Japanese Americans would face similar concerns during their wartime incarceration in US concentration camps, which had the potential for great epidemic disease. Of particular risk were the temporary assembly centers that were hastily built in race tracks and fairgrounds, which often placed families in horse stables that still stank of manure. Japanese American physicians were tasked with tending to their own community with limited resources, often paying for vaccines out of pocket to provide inoculations for whooping cough, smallpox, diphtheria and other diseases. The Japanese American physicians were paid less than $25 a month to care for their fellow inmates, while forced to live in these unsanitary and overcrowded conditions.

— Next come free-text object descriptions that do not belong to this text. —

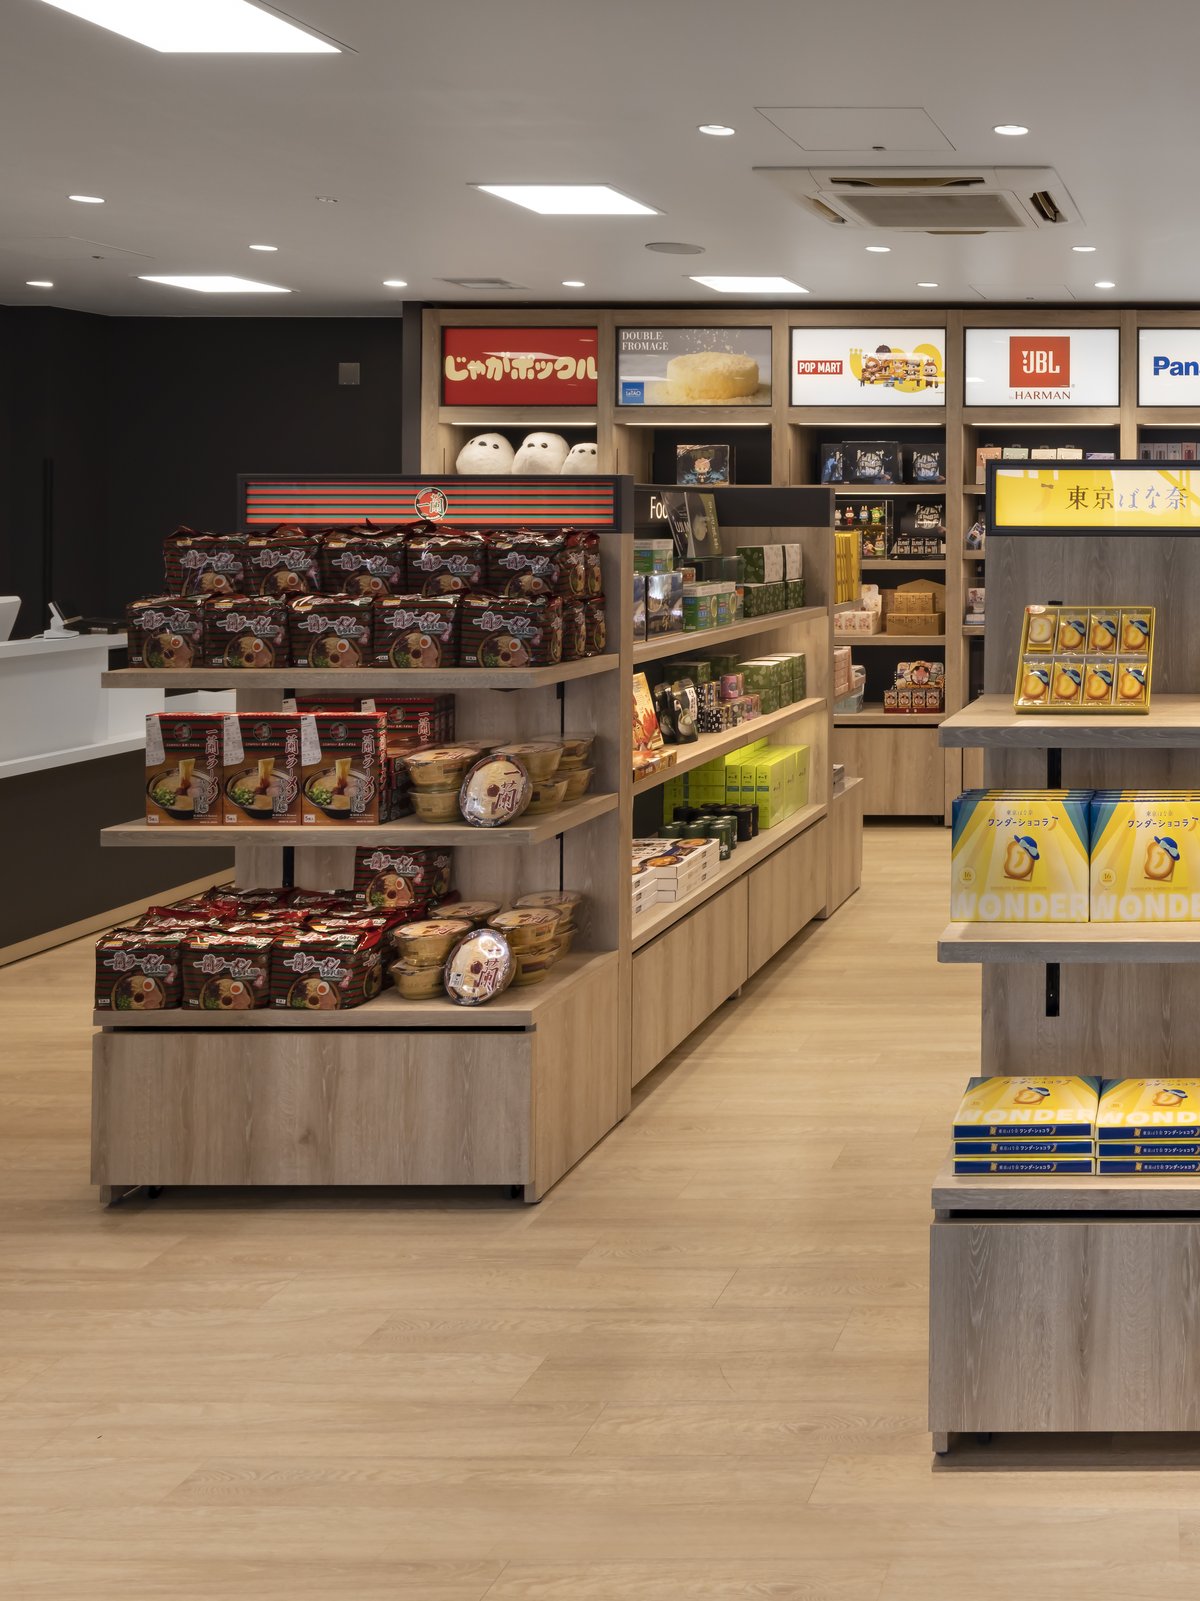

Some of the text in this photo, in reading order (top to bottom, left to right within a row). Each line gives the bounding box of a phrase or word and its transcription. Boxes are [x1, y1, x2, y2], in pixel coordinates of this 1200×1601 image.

[622, 331, 662, 340] DOUBLE
[622, 342, 669, 350] FROMAGE
[800, 362, 842, 373] POP MART
[1022, 350, 1060, 374] JBL
[1015, 391, 1071, 400] HARMAN
[650, 496, 668, 519] Foo
[1066, 486, 1188, 511] 東京ばな奈
[206, 729, 219, 802] 一蘭ラーメン
[285, 729, 298, 802] 一蘭ラーメン
[362, 729, 376, 802] 一蘭ラーメン
[495, 770, 522, 813] 一蘭
[988, 817, 1049, 827] ワンダーショコラ
[1128, 818, 1189, 828] ワンダーショコラ
[952, 894, 1088, 919] WONDER
[958, 1108, 1094, 1122] WONDER
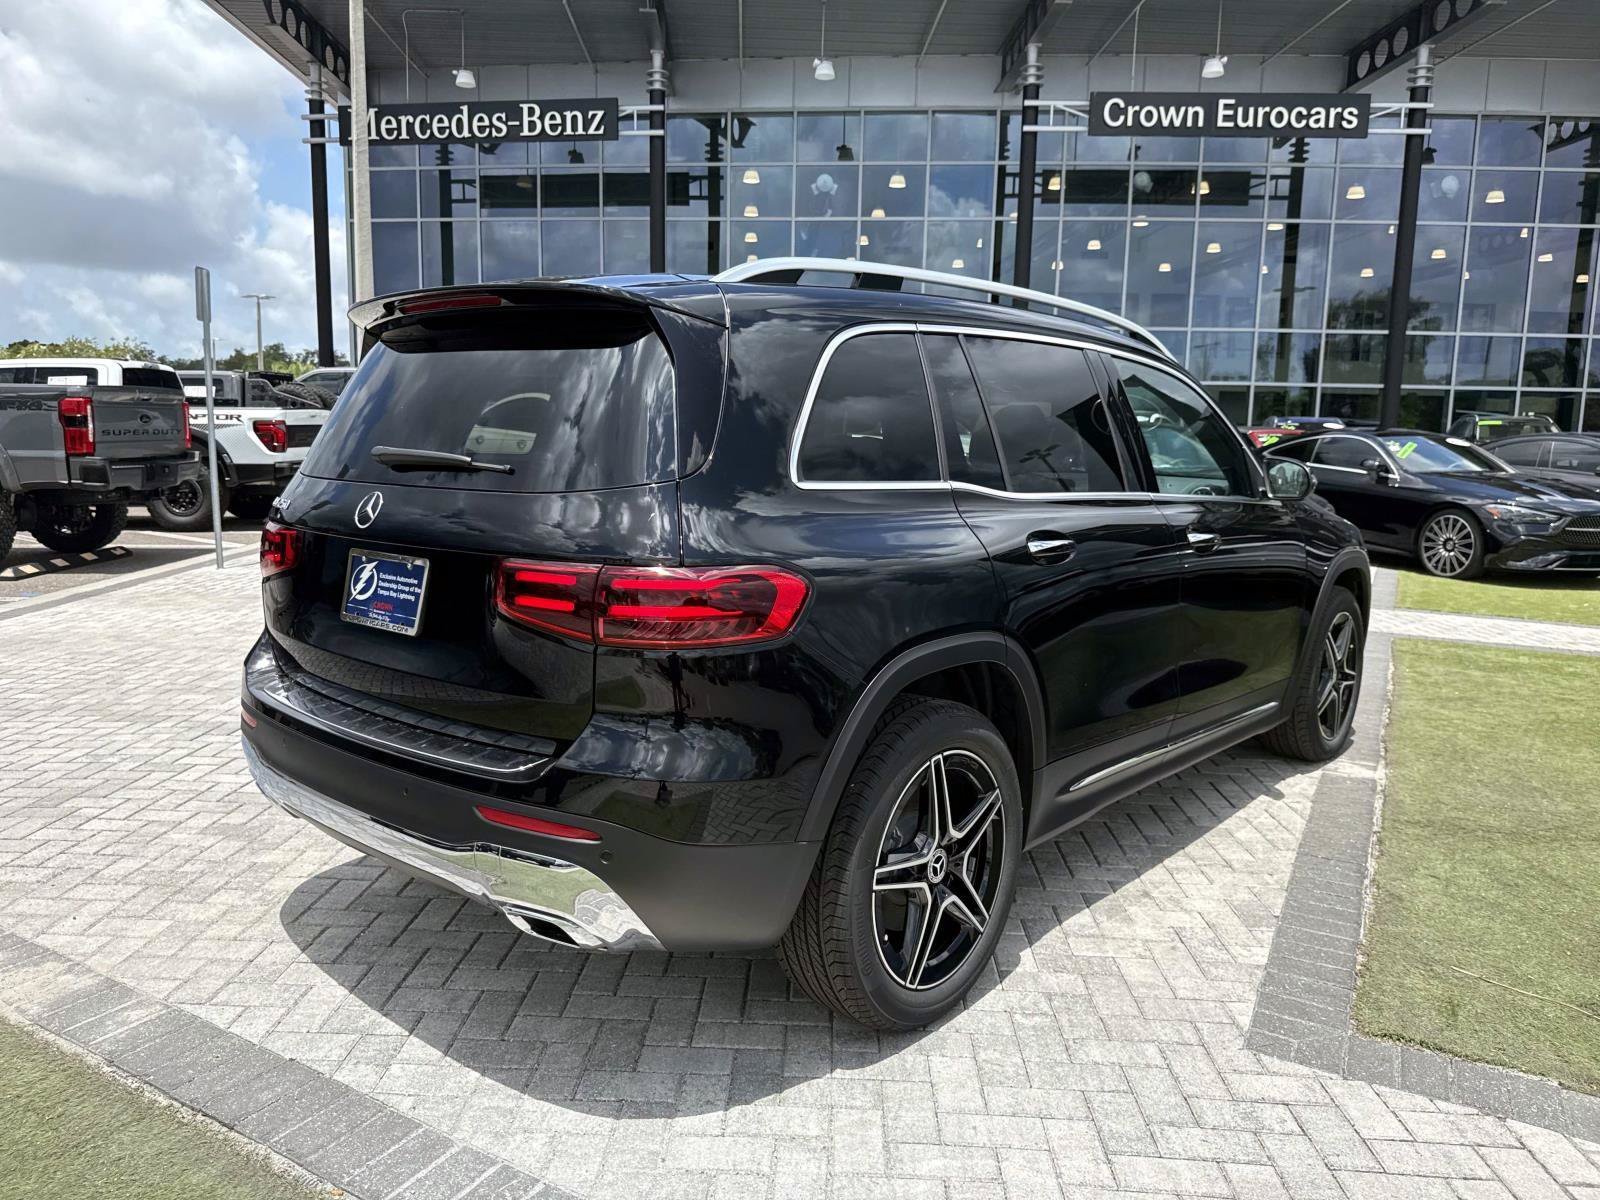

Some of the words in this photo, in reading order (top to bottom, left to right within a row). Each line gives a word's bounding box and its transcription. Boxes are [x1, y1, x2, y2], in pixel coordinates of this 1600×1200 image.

[1103, 97, 1204, 128] Crown
[1216, 98, 1359, 130] Eurocars
[347, 102, 605, 140] Mercedes-Benz
[188, 413, 244, 423] APOR
[152, 428, 181, 436] DUTY
[397, 576, 418, 584] Automotive
[379, 581, 397, 589] Dealership
[398, 583, 409, 591] Group
[397, 592, 415, 601] Lightning
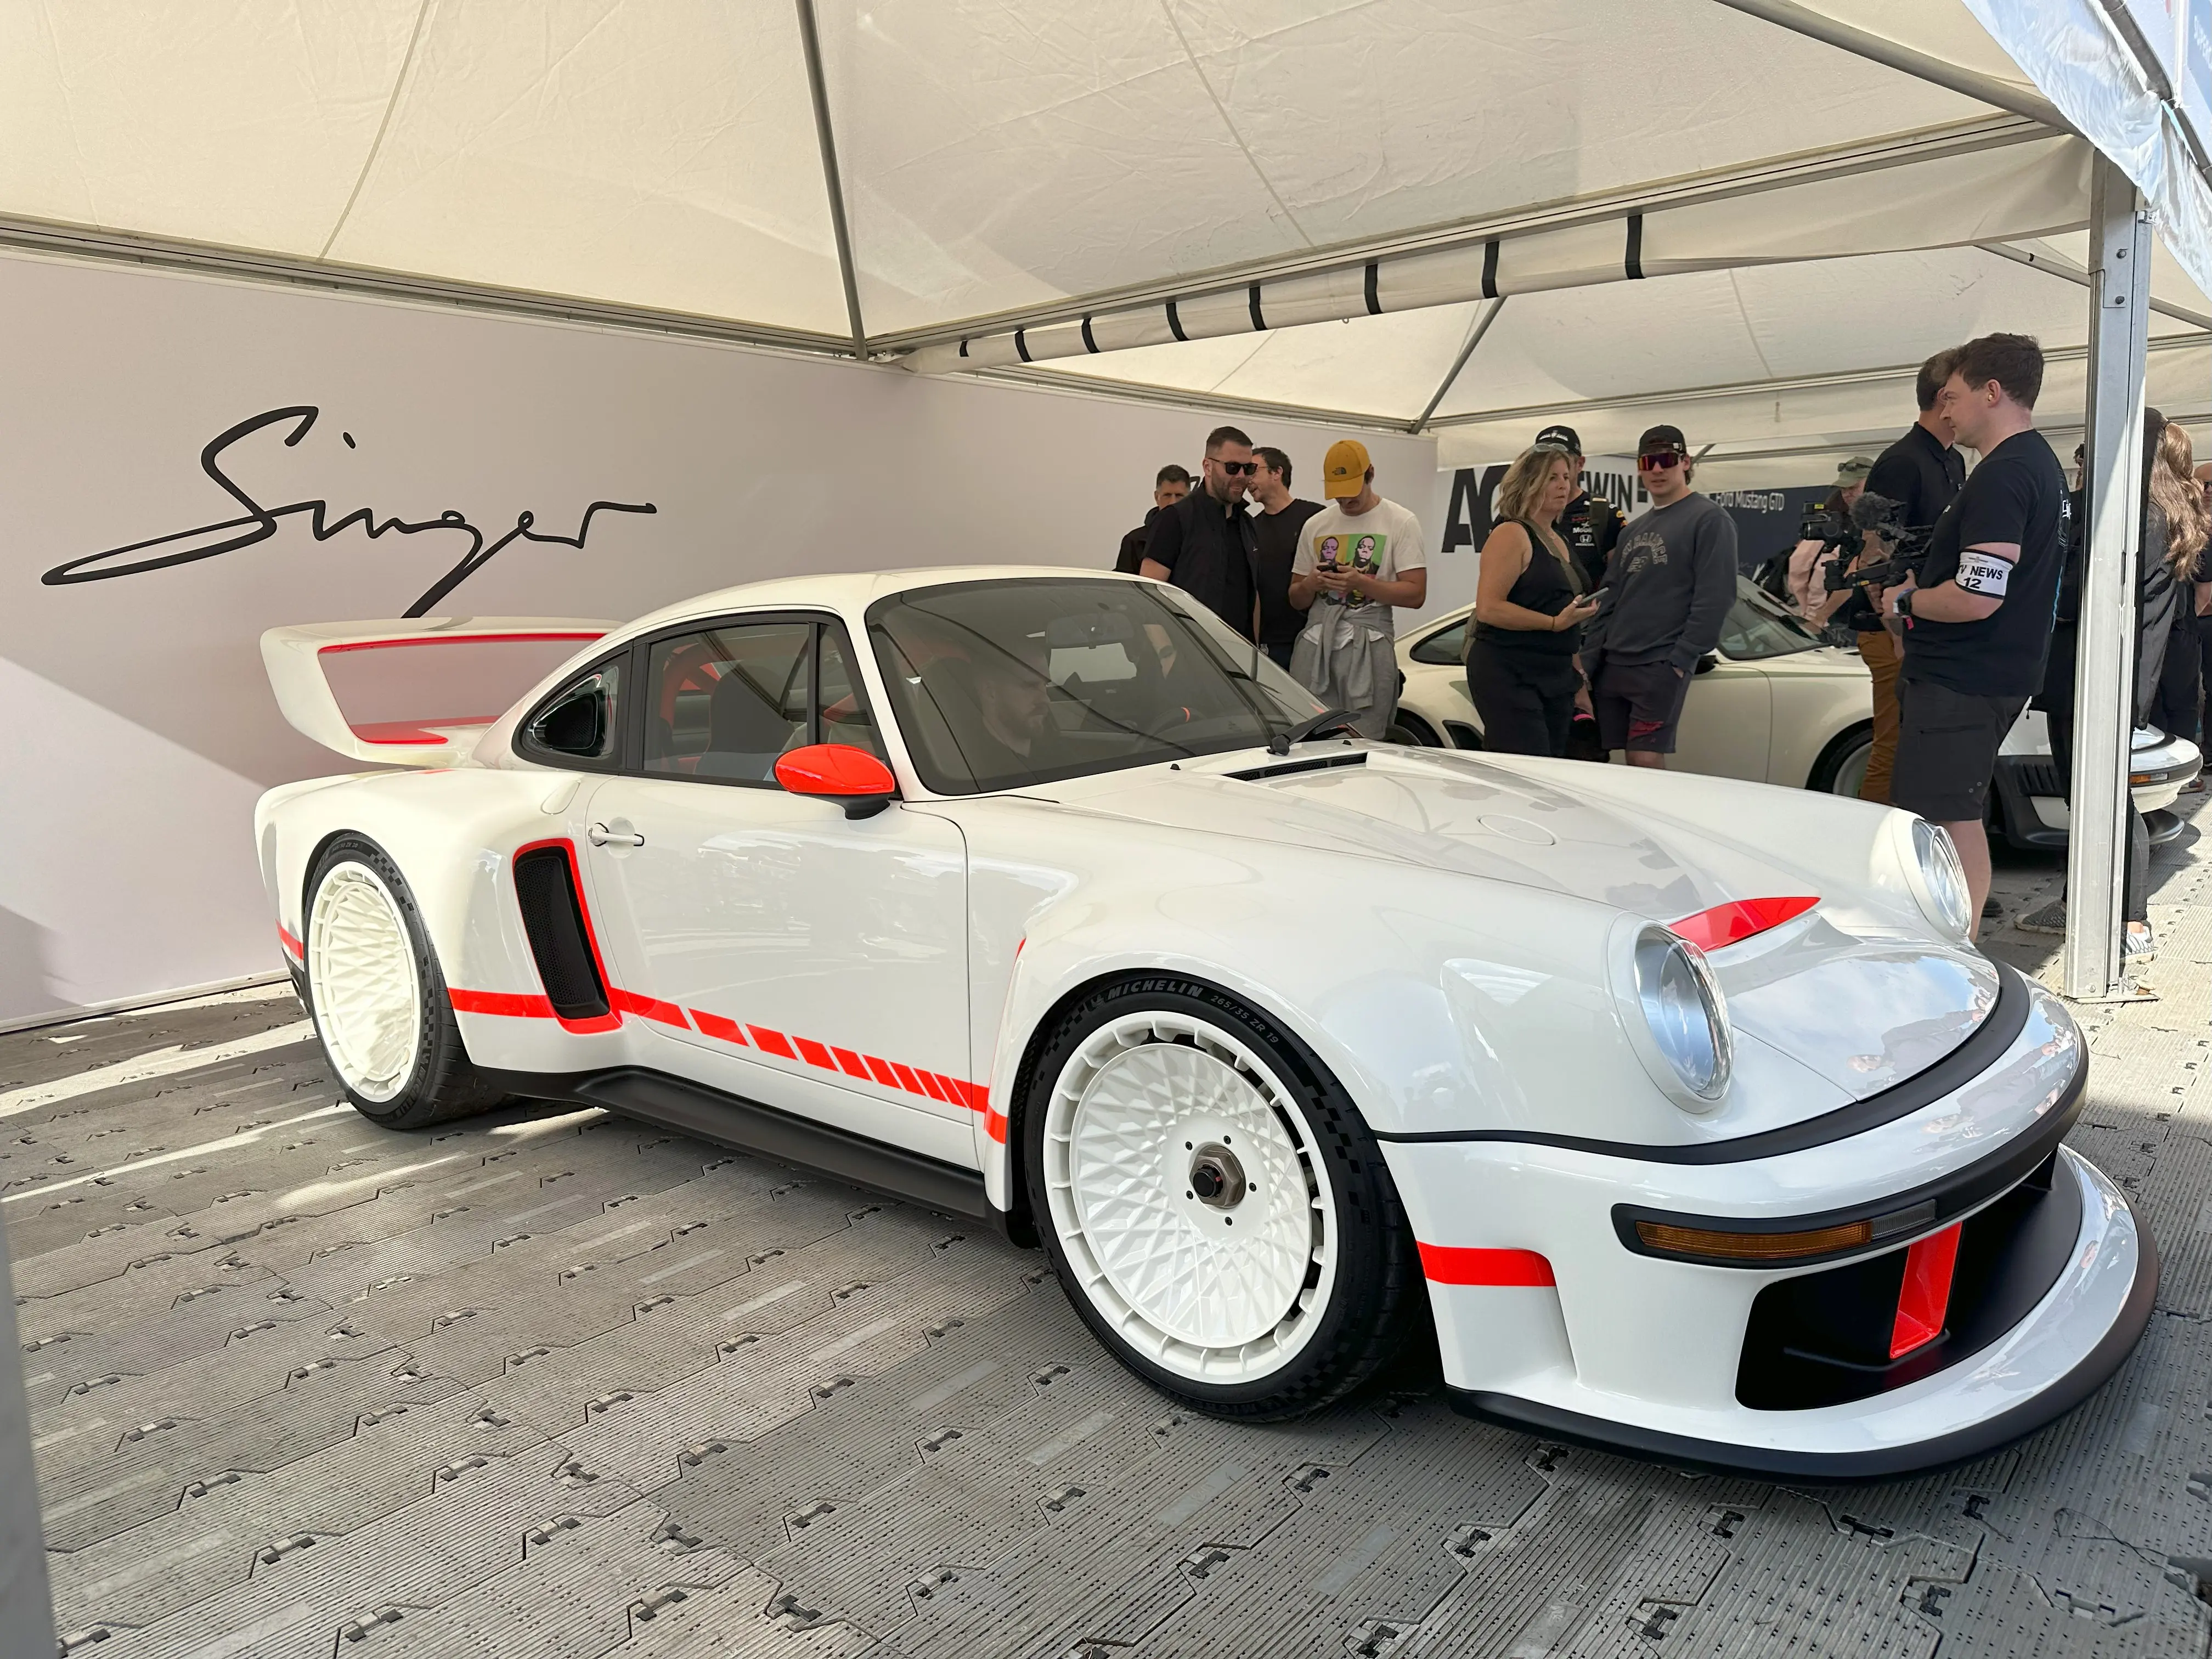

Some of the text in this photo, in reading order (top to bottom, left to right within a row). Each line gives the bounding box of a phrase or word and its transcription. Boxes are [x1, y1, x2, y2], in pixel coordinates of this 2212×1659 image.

[42, 405, 657, 618] Singer
[1716, 491, 1785, 514] Ford Mustang GTD
[1963, 577, 1982, 589] 12
[1970, 566, 2003, 580] NEWS
[1108, 980, 1279, 1043] MICHELIN 265/35 ZR 19

In a March 25 virtual discussion titled “Contagion in the Camps” held by Tsuru for Solidarity, Satsuki Ina recalled her firsthand experience with epidemics in the Tule Lake concentration camp.

“We lived in very confined circumstances in military barracks, and the overcrowding led to repeated incidences of epidemic and contagious diseases. We had to share public latrines and mess halls, and very inadequate medical services. My brother and I got chicken pox and we were quarantined for close to three months, unable to go outside with very limited medical care.”

Another example of government culpability in the spread of disease among the Asian American community came in the wake of US military aggression in Southeast Asia. As Vietnamese and other Southeast Asian refugees began to be resettled into the United States, epidemics of measles and other viral diseases swept through Camp Pendleton and other refugee camps where individuals were being held in temporary shelters.

Dr. William H. Foege, the epidemiologist who led the US Public Health Service's refugee program, offered the following quote in a 1975 New York Times article on the subject:

“We've shown that this group of people is coming in with no more than the amount of disease you would expect from other aliens. But when you put people for extended periods under tent conditions, you are asking for more disease problems… that could be prevented if you could keep people moving, out of the camps.” 

Despite this widespread acceptance within the public health service that overcrowding and substandard living conditions are principal perpetrators of disease, the US government seems to have either experienced collective amnesia or are willfully neglecting vulnerable populations today. Like the historical cases mentioned earlier, the government is putting lives at risk by keeping immigrants detained in close quarters without adequate safety measures amidst the current COVID-19 pandemic.

The US Immigration and Customs Enforcement currently operates three prisons where immigrant children are detained with their families; Karnes and Dilley in Texas, and Berks County Family Detention Center near Reading, Pennsylvania. There are dozens of confirmed COVID-19 cases in the facilities at Karnes and Dilley, and likely just a matter of time before Berks also succumbs to the virus. Since the pandemic began, at least ten immigrants have died in ICE custody.

Meanwhile, Asian American communities will continue to suffer for the irresponsible and intentional scapegoating by an administration whose white nationalist and isolationist ambitions have been made painfully clear.